- [RECORDS SUPPLIED]
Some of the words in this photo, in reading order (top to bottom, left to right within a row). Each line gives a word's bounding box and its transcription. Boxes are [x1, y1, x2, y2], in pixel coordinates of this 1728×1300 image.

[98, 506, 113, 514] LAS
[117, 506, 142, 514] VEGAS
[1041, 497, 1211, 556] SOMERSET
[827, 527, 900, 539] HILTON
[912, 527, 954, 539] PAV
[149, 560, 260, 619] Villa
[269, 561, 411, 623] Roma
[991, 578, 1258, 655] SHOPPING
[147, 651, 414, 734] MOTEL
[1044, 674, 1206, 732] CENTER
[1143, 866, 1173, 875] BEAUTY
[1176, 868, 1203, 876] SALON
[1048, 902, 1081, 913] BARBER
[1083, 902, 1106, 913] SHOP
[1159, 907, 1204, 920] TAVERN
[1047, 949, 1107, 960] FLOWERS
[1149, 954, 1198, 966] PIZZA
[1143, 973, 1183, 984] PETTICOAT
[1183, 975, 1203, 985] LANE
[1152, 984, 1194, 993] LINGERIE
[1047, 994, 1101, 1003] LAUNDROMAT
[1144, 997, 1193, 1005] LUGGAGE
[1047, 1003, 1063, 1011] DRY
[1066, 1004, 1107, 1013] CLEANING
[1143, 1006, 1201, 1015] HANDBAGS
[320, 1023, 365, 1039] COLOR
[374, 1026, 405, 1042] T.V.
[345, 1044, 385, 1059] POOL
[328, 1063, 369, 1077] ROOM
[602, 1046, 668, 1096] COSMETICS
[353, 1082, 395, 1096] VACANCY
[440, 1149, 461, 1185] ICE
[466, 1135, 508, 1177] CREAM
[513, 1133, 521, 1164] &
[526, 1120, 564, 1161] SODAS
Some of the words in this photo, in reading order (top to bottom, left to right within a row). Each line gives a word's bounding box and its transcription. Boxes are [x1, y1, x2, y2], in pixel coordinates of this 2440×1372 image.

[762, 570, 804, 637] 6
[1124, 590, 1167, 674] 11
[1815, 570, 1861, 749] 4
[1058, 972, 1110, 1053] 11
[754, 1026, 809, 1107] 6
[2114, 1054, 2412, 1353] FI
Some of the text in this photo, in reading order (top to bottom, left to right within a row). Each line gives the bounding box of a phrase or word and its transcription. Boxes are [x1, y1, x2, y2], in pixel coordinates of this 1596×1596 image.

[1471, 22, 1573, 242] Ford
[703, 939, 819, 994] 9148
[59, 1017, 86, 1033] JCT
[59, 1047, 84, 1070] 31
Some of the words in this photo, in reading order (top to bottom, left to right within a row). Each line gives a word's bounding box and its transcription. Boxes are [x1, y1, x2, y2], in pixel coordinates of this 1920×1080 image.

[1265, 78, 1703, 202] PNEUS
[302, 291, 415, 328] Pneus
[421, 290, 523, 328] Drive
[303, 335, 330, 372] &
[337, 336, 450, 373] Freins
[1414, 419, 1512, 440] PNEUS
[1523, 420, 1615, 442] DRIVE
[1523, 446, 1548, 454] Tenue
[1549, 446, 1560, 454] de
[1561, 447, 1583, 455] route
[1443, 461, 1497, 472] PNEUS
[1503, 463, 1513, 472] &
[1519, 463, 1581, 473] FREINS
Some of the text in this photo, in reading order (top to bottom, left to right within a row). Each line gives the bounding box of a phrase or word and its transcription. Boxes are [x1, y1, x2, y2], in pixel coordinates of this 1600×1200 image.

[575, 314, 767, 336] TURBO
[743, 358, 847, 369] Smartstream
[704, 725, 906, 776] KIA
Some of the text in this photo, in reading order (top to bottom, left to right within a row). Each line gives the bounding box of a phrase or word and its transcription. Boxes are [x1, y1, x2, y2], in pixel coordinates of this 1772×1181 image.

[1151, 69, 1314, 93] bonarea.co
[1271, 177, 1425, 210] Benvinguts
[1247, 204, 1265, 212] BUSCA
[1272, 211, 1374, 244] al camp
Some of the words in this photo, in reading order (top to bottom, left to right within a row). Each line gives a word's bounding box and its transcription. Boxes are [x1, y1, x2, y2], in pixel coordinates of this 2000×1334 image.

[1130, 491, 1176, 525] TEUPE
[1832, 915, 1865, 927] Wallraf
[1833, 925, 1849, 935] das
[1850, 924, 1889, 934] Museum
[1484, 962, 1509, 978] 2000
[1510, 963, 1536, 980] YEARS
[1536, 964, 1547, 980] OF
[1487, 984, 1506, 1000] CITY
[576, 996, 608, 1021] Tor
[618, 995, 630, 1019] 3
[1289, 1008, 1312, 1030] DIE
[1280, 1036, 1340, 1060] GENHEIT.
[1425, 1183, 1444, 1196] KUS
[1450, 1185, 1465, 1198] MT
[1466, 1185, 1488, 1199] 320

- [WORK INSTRUCTIONS]
Reproduce the full listing exactly.

- [EXERCISE ANSWER]
Some of the words in this photo, in reading order (top to bottom, left to right within a row). Each line gives a word's bounding box and its transcription. Boxes are [x1, y1, x2, y2], in pixel coordinates of this 1728×1300 image.

[98, 506, 113, 514] LAS
[117, 506, 142, 514] VEGAS
[1041, 497, 1211, 556] SOMERSET
[827, 527, 900, 539] HILTON
[912, 527, 954, 539] PAV
[149, 560, 260, 619] Villa
[269, 561, 411, 623] Roma
[991, 578, 1258, 655] SHOPPING
[147, 651, 414, 734] MOTEL
[1044, 674, 1206, 732] CENTER
[1143, 866, 1173, 875] BEAUTY
[1176, 868, 1203, 876] SALON
[1048, 902, 1081, 913] BARBER
[1083, 902, 1106, 913] SHOP
[1159, 907, 1204, 920] TAVERN
[1047, 949, 1107, 960] FLOWERS
[1149, 954, 1198, 966] PIZZA
[1143, 973, 1183, 984] PETTICOAT
[1183, 975, 1203, 985] LANE
[1152, 984, 1194, 993] LINGERIE
[1047, 994, 1101, 1003] LAUNDROMAT
[1144, 997, 1193, 1005] LUGGAGE
[1047, 1003, 1063, 1011] DRY
[1066, 1004, 1107, 1013] CLEANING
[1143, 1006, 1201, 1015] HANDBAGS
[320, 1023, 365, 1039] COLOR
[374, 1026, 405, 1042] T.V.
[345, 1044, 385, 1059] POOL
[328, 1063, 369, 1077] ROOM
[602, 1046, 668, 1096] COSMETICS
[353, 1082, 395, 1096] VACANCY
[440, 1149, 461, 1185] ICE
[466, 1135, 508, 1177] CREAM
[513, 1133, 521, 1164] &
[526, 1120, 564, 1161] SODAS
Some of the words in this photo, in reading order (top to bottom, left to right within a row). Each line gives a word's bounding box and its transcription. Boxes are [x1, y1, x2, y2], in pixel coordinates of this 2440×1372 image.

[762, 570, 804, 637] 6
[1124, 590, 1167, 674] 11
[1815, 570, 1861, 749] 4
[1058, 972, 1110, 1053] 11
[754, 1026, 809, 1107] 6
[2114, 1054, 2412, 1353] FI
Some of the text in this photo, in reading order (top to bottom, left to right within a row). Each line gives the bounding box of a phrase or word and its transcription. Boxes are [x1, y1, x2, y2], in pixel coordinates of this 1596×1596 image.

[1471, 22, 1573, 242] Ford
[703, 939, 819, 994] 9148
[59, 1017, 86, 1033] JCT
[59, 1047, 84, 1070] 31
Some of the words in this photo, in reading order (top to bottom, left to right within a row). Each line gives a word's bounding box and its transcription. Boxes are [x1, y1, x2, y2], in pixel coordinates of this 1920×1080 image.

[1265, 78, 1703, 202] PNEUS
[302, 291, 415, 328] Pneus
[421, 290, 523, 328] Drive
[303, 335, 330, 372] &
[337, 336, 450, 373] Freins
[1414, 419, 1512, 440] PNEUS
[1523, 420, 1615, 442] DRIVE
[1523, 446, 1548, 454] Tenue
[1549, 446, 1560, 454] de
[1561, 447, 1583, 455] route
[1443, 461, 1497, 472] PNEUS
[1503, 463, 1513, 472] &
[1519, 463, 1581, 473] FREINS
Some of the text in this photo, in reading order (top to bottom, left to right within a row). Each line gives the bounding box of a phrase or word and its transcription. Boxes are [x1, y1, x2, y2], in pixel coordinates of this 1600×1200 image.

[575, 314, 767, 336] TURBO
[743, 358, 847, 369] Smartstream
[704, 725, 906, 776] KIA
Some of the text in this photo, in reading order (top to bottom, left to right within a row). Each line gives the bounding box of a phrase or word and its transcription. Boxes are [x1, y1, x2, y2], in pixel coordinates of this 1772×1181 image.

[1151, 69, 1314, 93] bonarea.co
[1271, 177, 1425, 210] Benvinguts
[1247, 204, 1265, 212] BUSCA
[1272, 211, 1374, 244] al camp
Some of the words in this photo, in reading order (top to bottom, left to right within a row). Each line gives a word's bounding box and its transcription. Boxes are [x1, y1, x2, y2], in pixel coordinates of this 2000×1334 image.

[1130, 491, 1176, 525] TEUPE
[1832, 915, 1865, 927] Wallraf
[1833, 925, 1849, 935] das
[1850, 924, 1889, 934] Museum
[1484, 962, 1509, 978] 2000
[1510, 963, 1536, 980] YEARS
[1536, 964, 1547, 980] OF
[1487, 984, 1506, 1000] CITY
[576, 996, 608, 1021] Tor
[618, 995, 630, 1019] 3
[1289, 1008, 1312, 1030] DIE
[1280, 1036, 1340, 1060] GENHEIT.
[1425, 1183, 1444, 1196] KUS
[1450, 1185, 1465, 1198] MT
[1466, 1185, 1488, 1199] 320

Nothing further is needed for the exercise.